An international study led by a Peter Mac oncologist shows that a simple blood test could change how doctors decide which patients with colon cancer need chemotherapy. The study found testing for tiny fragments of cancer DNA in the bloodstream, known as circulating tumour DNA (or ctDNA), can reveal if cancer is present after surgery, and help tailor treatment accordingly.

Media release

From: Peter MacCallum Cancer Centre

An international study led by a Peter Mac oncologist shows that a simple blood test could change how doctors decide which patients with colon cancer need chemotherapy.

Professor Jeanne Tie led the DYNAMIC-III clinical trial with the findings just presented at the European Society for Medical Oncology (ESMO) Congress in Germany, and simultaneously published in Nature Medicine.

The study found testing for tiny fragments of cancer DNA in the bloodstream, known as circulating tumour DNA (or ctDNA), can reveal if cancer is present after surgery, and help tailor treatment accordingly.

More than 1,000 people with stage III colon cancer across Australia, New Zealand and Canada took part in the study and all had blood taken about six weeks after surgery to remove their primary colon cancer.
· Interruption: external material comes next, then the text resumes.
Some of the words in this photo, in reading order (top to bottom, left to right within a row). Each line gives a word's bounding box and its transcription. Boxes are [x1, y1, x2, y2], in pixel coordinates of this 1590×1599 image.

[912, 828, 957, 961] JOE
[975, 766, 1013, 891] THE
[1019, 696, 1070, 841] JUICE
If no ctDNA was detected, patients were considered "low-risk"; if ctDNA was present, they were "high-risk". Participants were randomly assigned to receive either standard chemotherapy or treatment guided by their ctDNA results.
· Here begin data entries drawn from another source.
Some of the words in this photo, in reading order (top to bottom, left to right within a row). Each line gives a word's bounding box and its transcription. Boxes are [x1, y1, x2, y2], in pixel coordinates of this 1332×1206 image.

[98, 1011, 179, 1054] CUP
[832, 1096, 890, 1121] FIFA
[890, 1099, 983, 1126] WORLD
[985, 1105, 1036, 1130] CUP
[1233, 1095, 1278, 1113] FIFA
Professor Tie, who is also a Senior Clinical Research Fellow at WEHI, said the findings show how ctDNA could bring true precision medicine to colon cancer.
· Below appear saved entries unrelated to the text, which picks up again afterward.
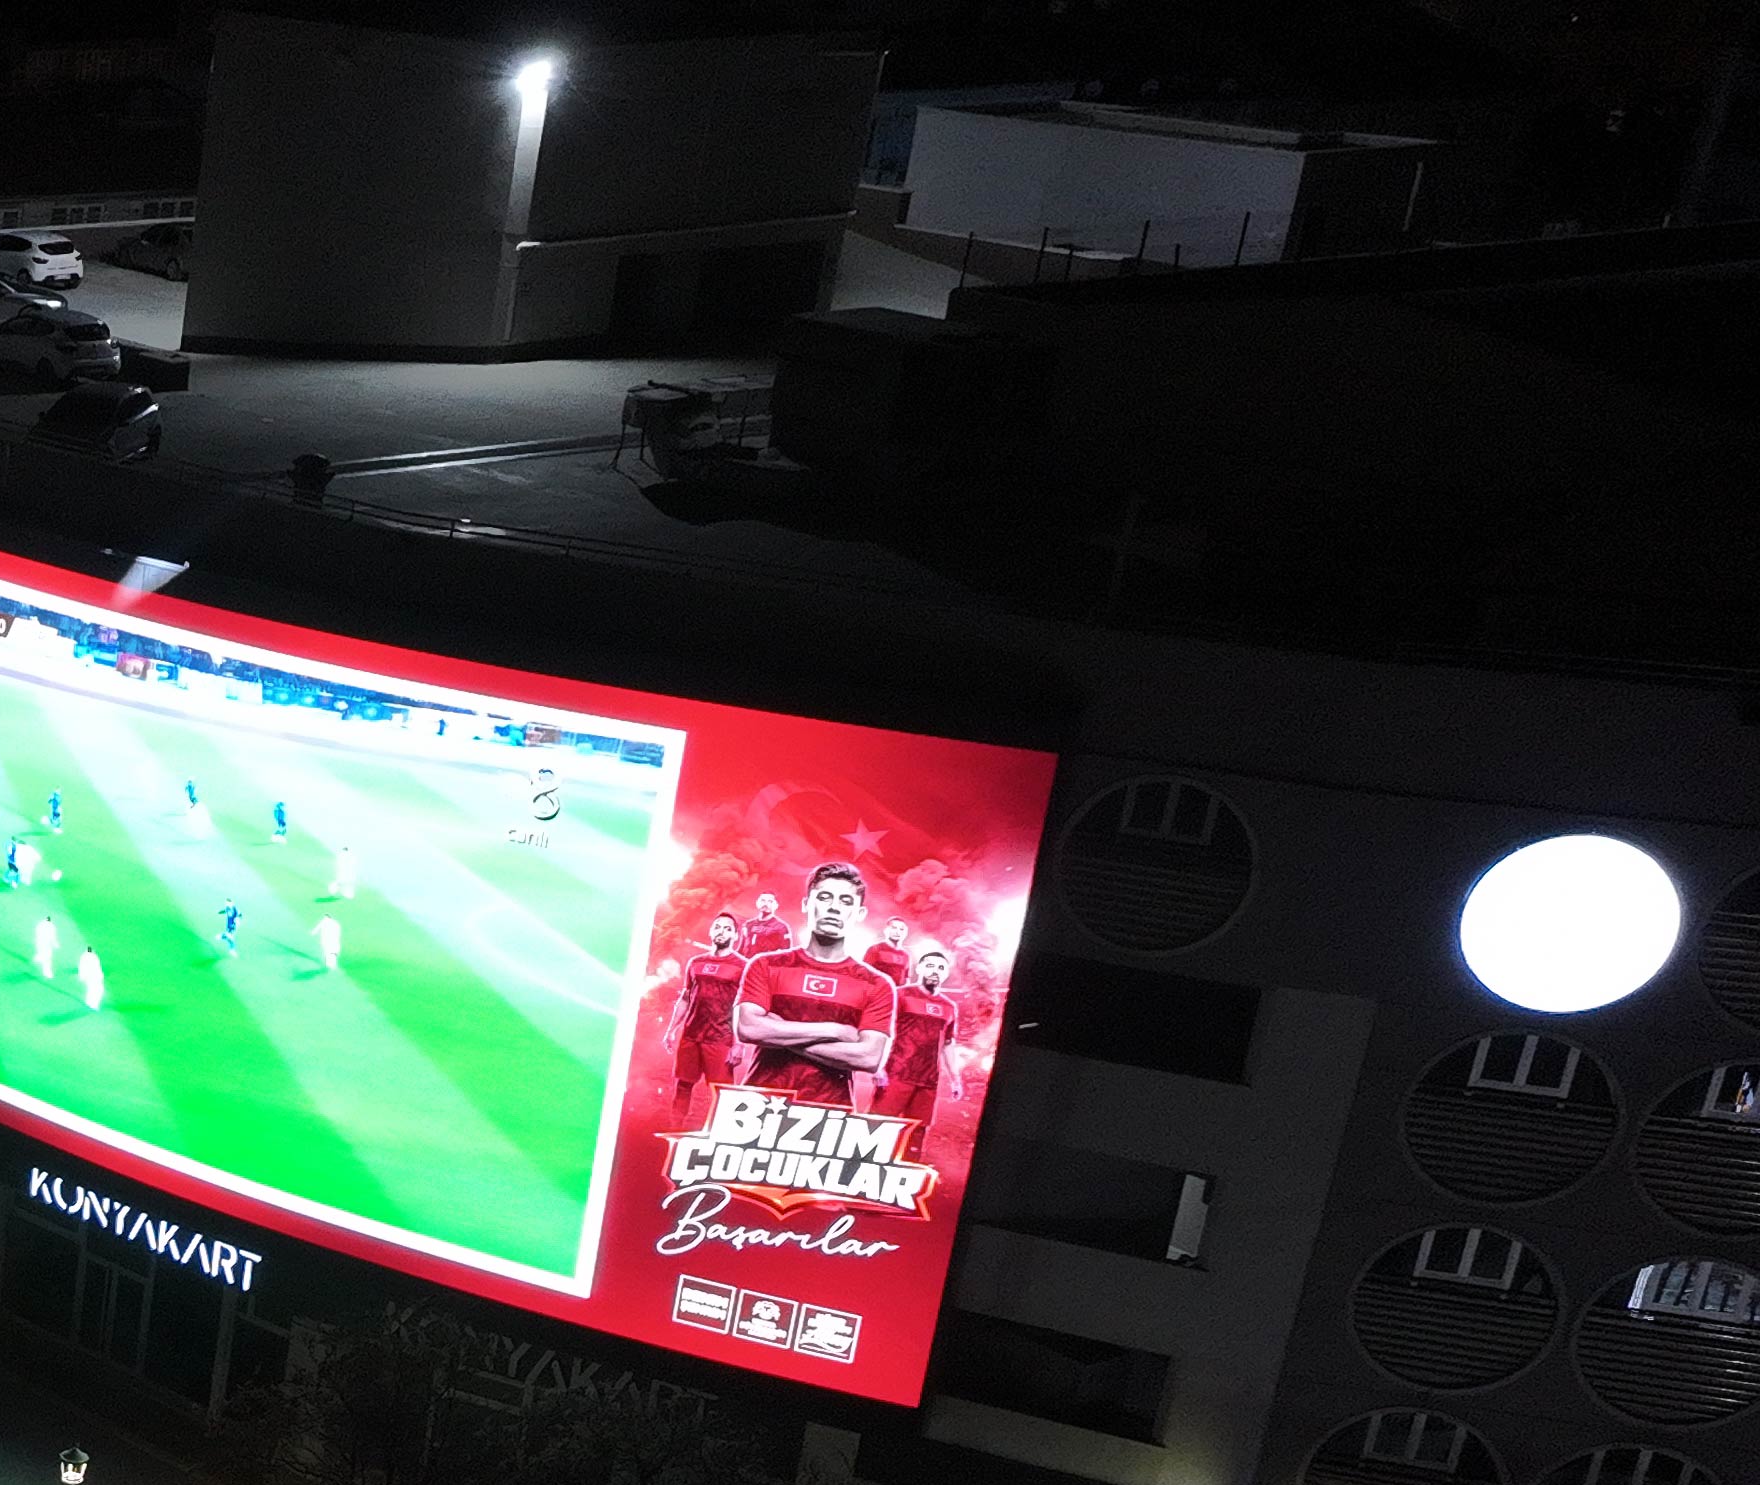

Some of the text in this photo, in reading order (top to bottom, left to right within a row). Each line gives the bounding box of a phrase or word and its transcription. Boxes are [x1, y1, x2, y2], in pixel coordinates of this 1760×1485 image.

[710, 1089, 907, 1164] BİZİM
[669, 1135, 926, 1210] ÇOCUKLAR
[28, 1167, 263, 1292] KONYAKART
[657, 1184, 900, 1258] Başarılar
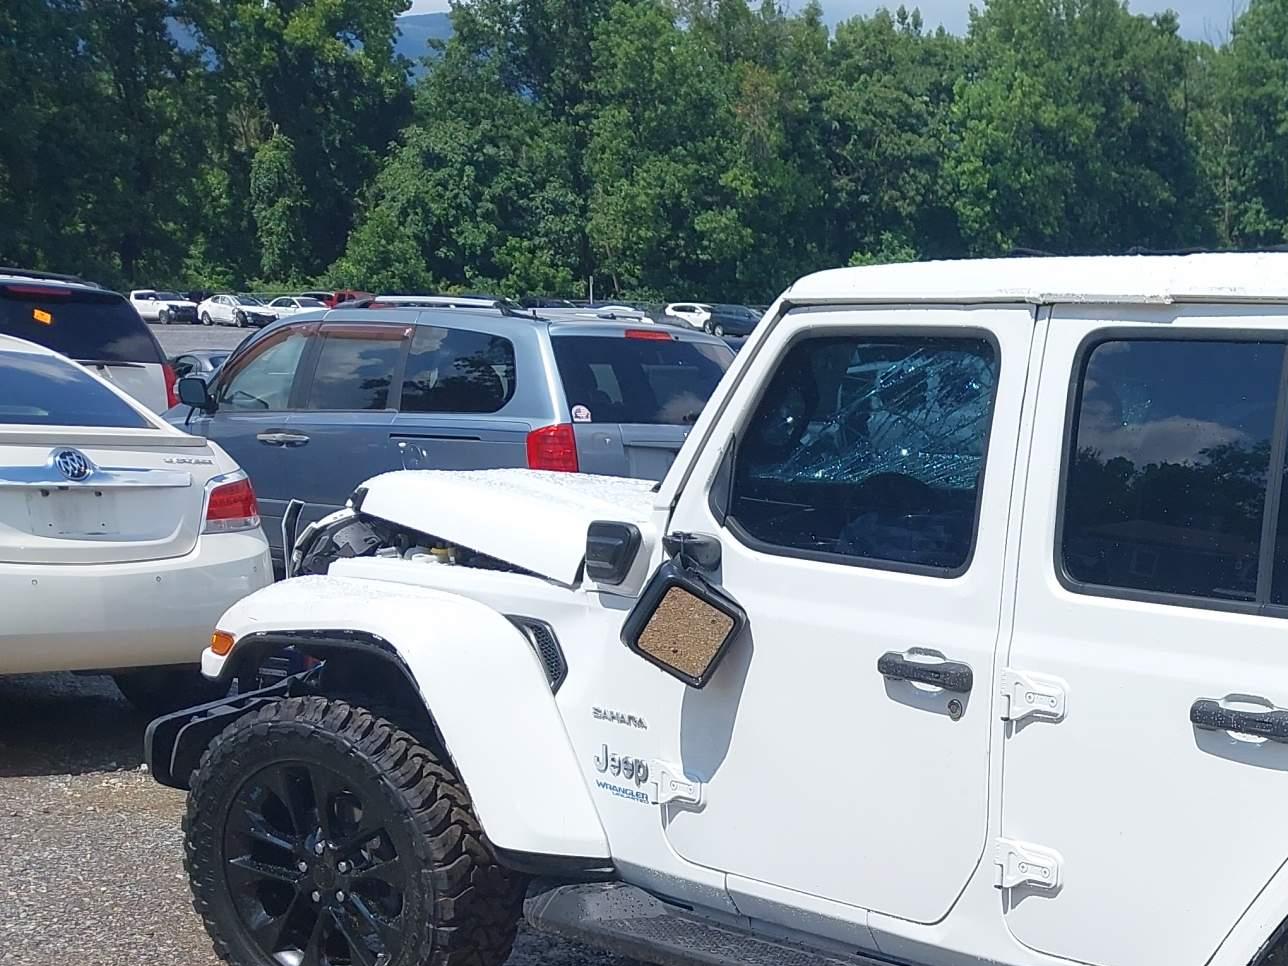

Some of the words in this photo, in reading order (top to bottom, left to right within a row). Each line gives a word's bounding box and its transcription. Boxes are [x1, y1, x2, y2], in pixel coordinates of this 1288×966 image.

[592, 706, 648, 730] SAHARA
[594, 743, 649, 787] Jeep
[595, 779, 649, 801] WRANGLER
“ctDNA is a powerful tool that can help guide treatment choices and identify which patients might safely receive less intensive treatment and those who might need to seek alternative options," she said.

“Right now, we give most stage III patients the same chemotherapy, but ctDNA testing can help tailor treatment based on individual risk.

“For some patients, this means a less intensive approach may be just as effective while reducing unnecessary toxicity from chemotherapy such as oxaliplatin and improving their quality of life.

“The DYNAMIC-III study shows that a blood test can help to give patients more personalised, risk-adapted chemotherapy by identifying who may benefit from full-intensity chemotherapy and who can safely receive a reduced regimen.”

Outcomes were excellent among the patients identified as low risk based on their ctDNA levels, with 87 per cent remaining cancer-free three years after surgery.

“These patients were able to safely receive less chemotherapy, leading to fewer hospitalisations and a reduction in side-effects such as nerve damage, with only slightly lower cancer free survival,” Professor Tie explained.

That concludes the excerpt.